Every entry is to be copied exactly as written, and the pictures are to be skipped.

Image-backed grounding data
[Start of section]

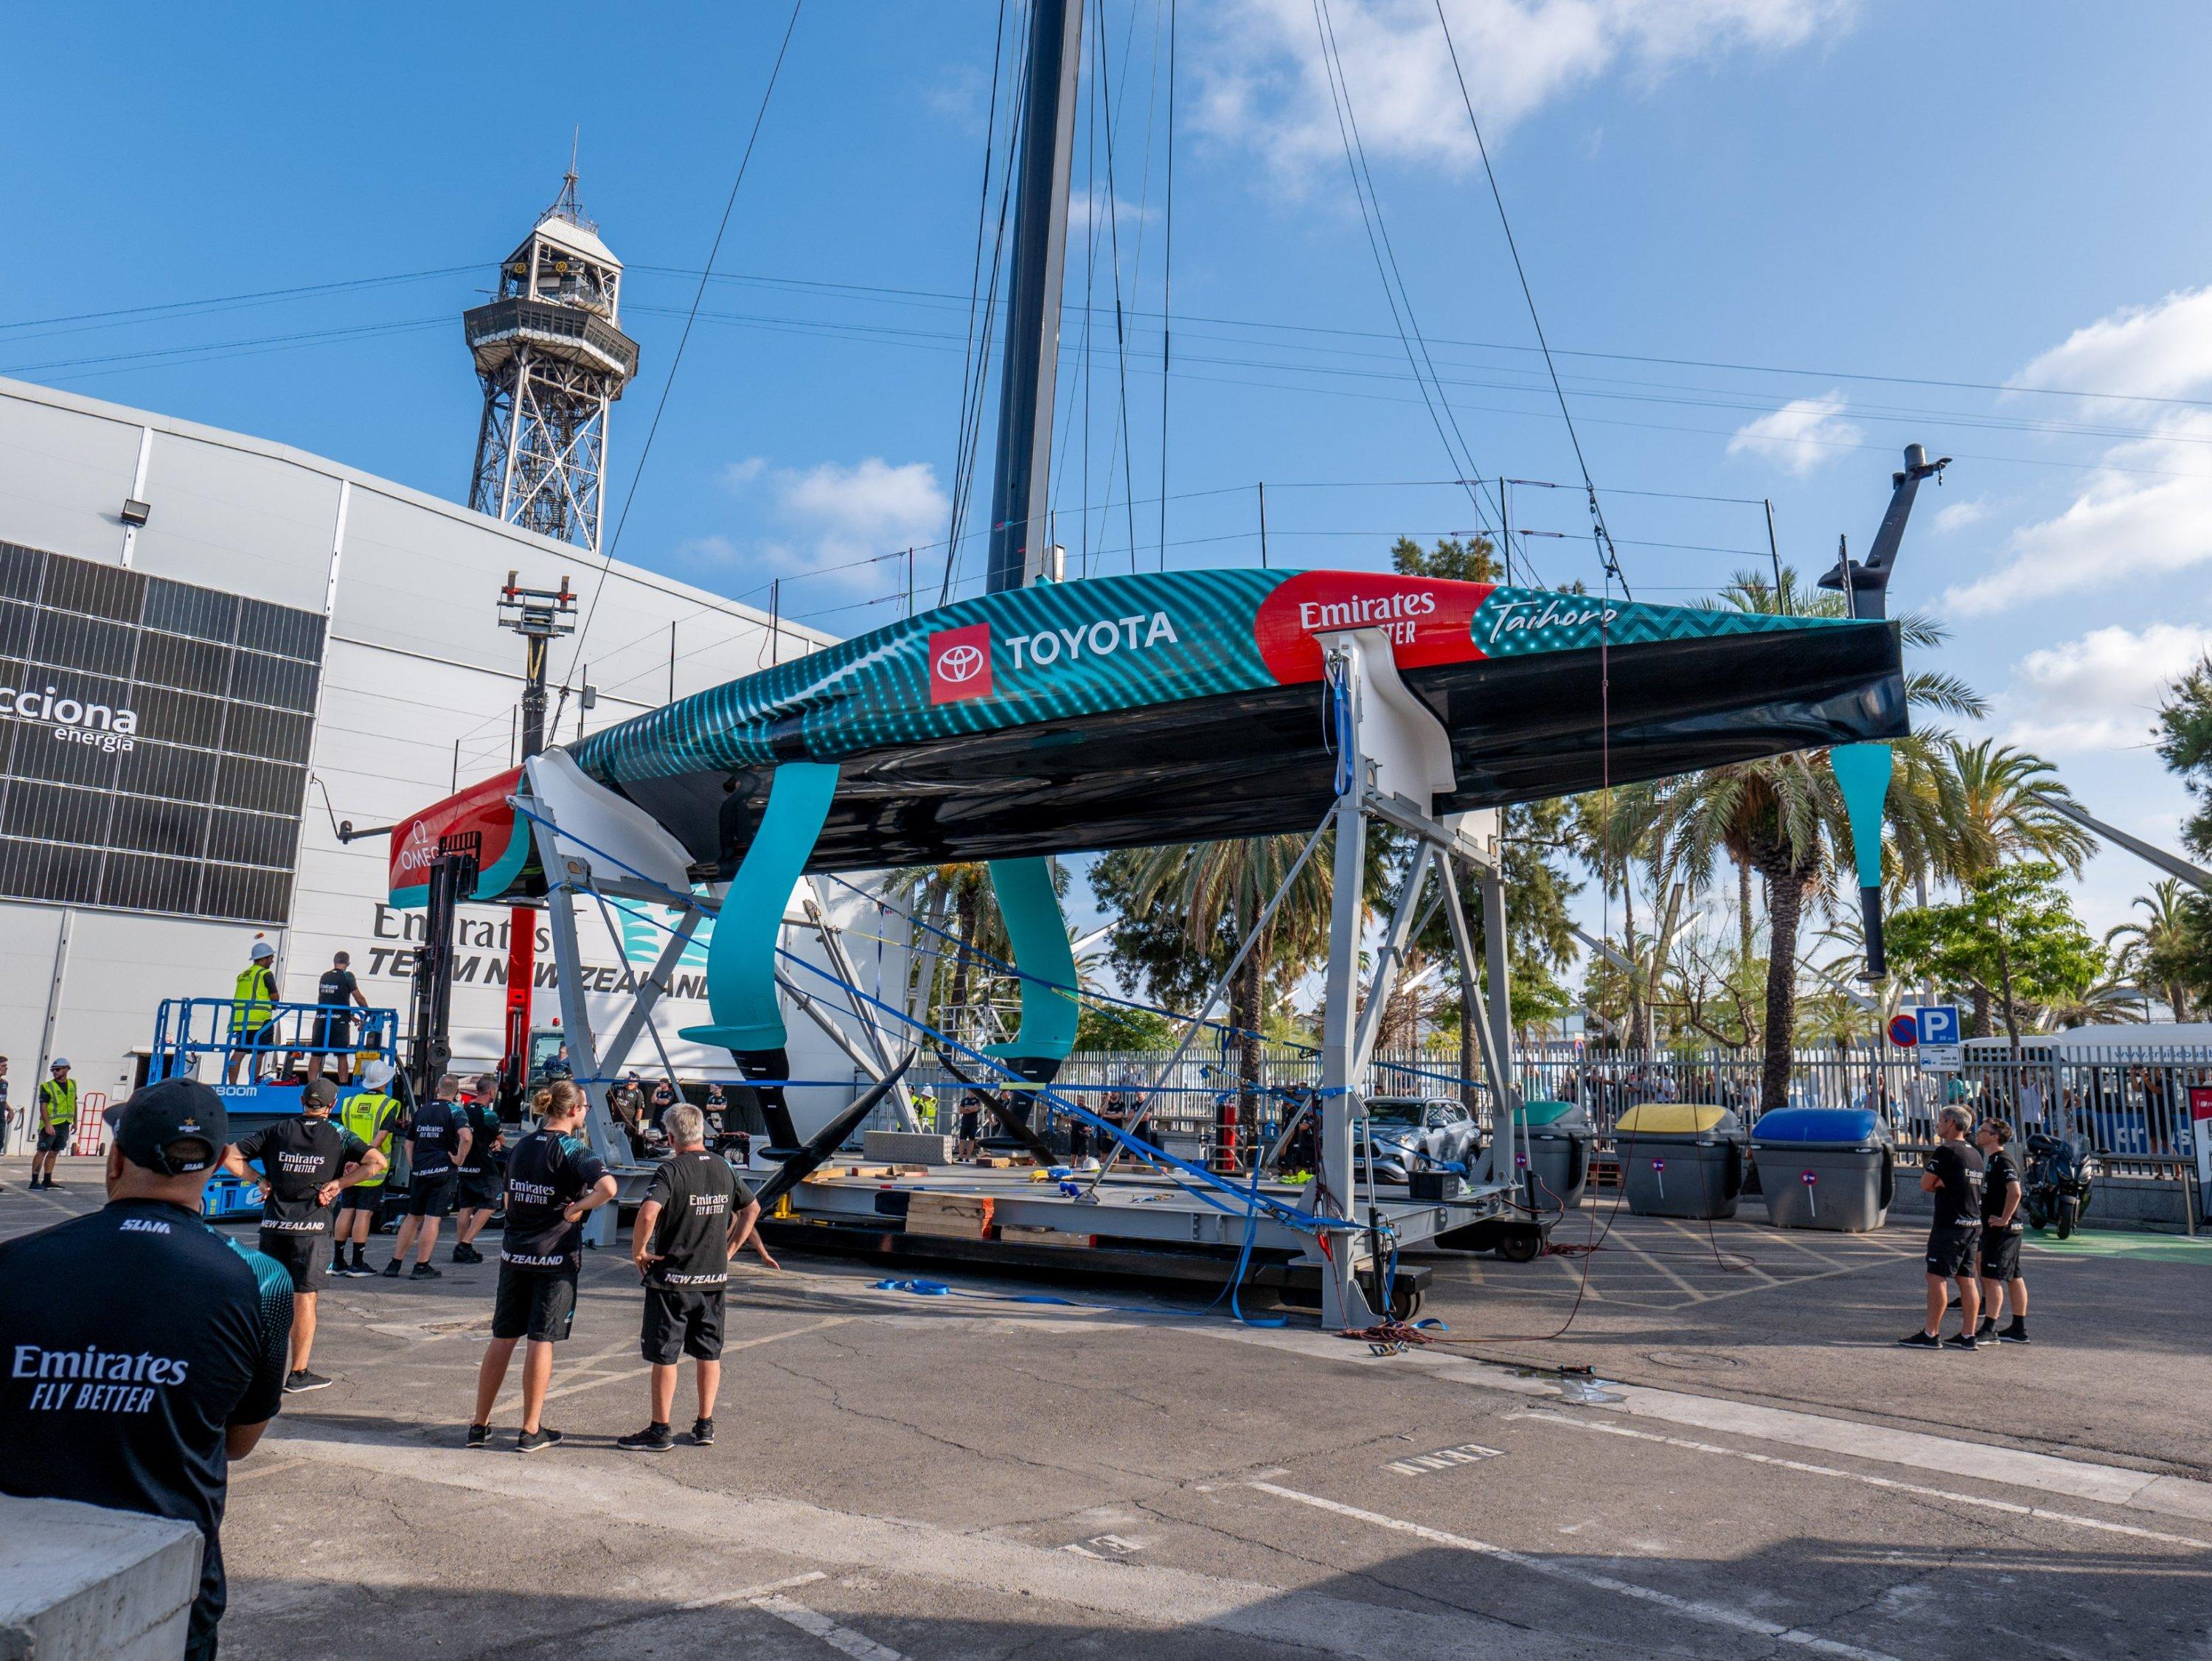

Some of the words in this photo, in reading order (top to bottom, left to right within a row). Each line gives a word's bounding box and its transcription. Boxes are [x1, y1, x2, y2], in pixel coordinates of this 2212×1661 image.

[1298, 592, 1436, 630] Emirates
[1489, 600, 1617, 644] Taihoro
[1005, 611, 1179, 669] TOYOTA
[369, 947, 481, 982] TEM
[483, 958, 558, 989] NW
[1924, 1011, 1950, 1041] P
[211, 1086, 257, 1097] BOOM
[279, 1152, 325, 1165] Emirates
[282, 1163, 293, 1171] FLY
[293, 1164, 316, 1173] BETTER
[419, 1166, 448, 1176] ZEALAND
[510, 1179, 555, 1194] Emirates
[515, 1192, 525, 1202] FLY
[525, 1193, 547, 1205] BETTER
[689, 1194, 728, 1206] Emirates
[696, 1206, 705, 1216] FLY
[706, 1205, 724, 1215] BETTER
[119, 1219, 170, 1234] SLAM
[260, 1219, 279, 1228] NEW
[278, 1222, 324, 1230] ZEALAND
[510, 1254, 563, 1266] ZEALAND
[664, 1272, 692, 1284] NEW
[12, 1344, 189, 1386] Emirates
[29, 1383, 73, 1410] FLY
[74, 1383, 156, 1413] BETTER

[End of section]

**OUTPUT FOR THIS EXERCISE**
Some of the words in this photo, in reading order (top to bottom, left to right within a row). Each line gives a word's bounding box and its transcription. Boxes are [x1, y1, x2, y2], in pixel coordinates of this 2212×1661 image.

[1298, 592, 1436, 630] Emirates
[1489, 600, 1617, 644] Taihoro
[1005, 611, 1179, 669] TOYOTA
[369, 947, 481, 982] TEM
[483, 958, 558, 989] NW
[1924, 1011, 1950, 1041] P
[211, 1086, 257, 1097] BOOM
[279, 1152, 325, 1165] Emirates
[282, 1163, 293, 1171] FLY
[293, 1164, 316, 1173] BETTER
[419, 1166, 448, 1176] ZEALAND
[510, 1179, 555, 1194] Emirates
[515, 1192, 525, 1202] FLY
[525, 1193, 547, 1205] BETTER
[689, 1194, 728, 1206] Emirates
[696, 1206, 705, 1216] FLY
[706, 1205, 724, 1215] BETTER
[119, 1219, 170, 1234] SLAM
[260, 1219, 279, 1228] NEW
[278, 1222, 324, 1230] ZEALAND
[510, 1254, 563, 1266] ZEALAND
[664, 1272, 692, 1284] NEW
[12, 1344, 189, 1386] Emirates
[29, 1383, 73, 1410] FLY
[74, 1383, 156, 1413] BETTER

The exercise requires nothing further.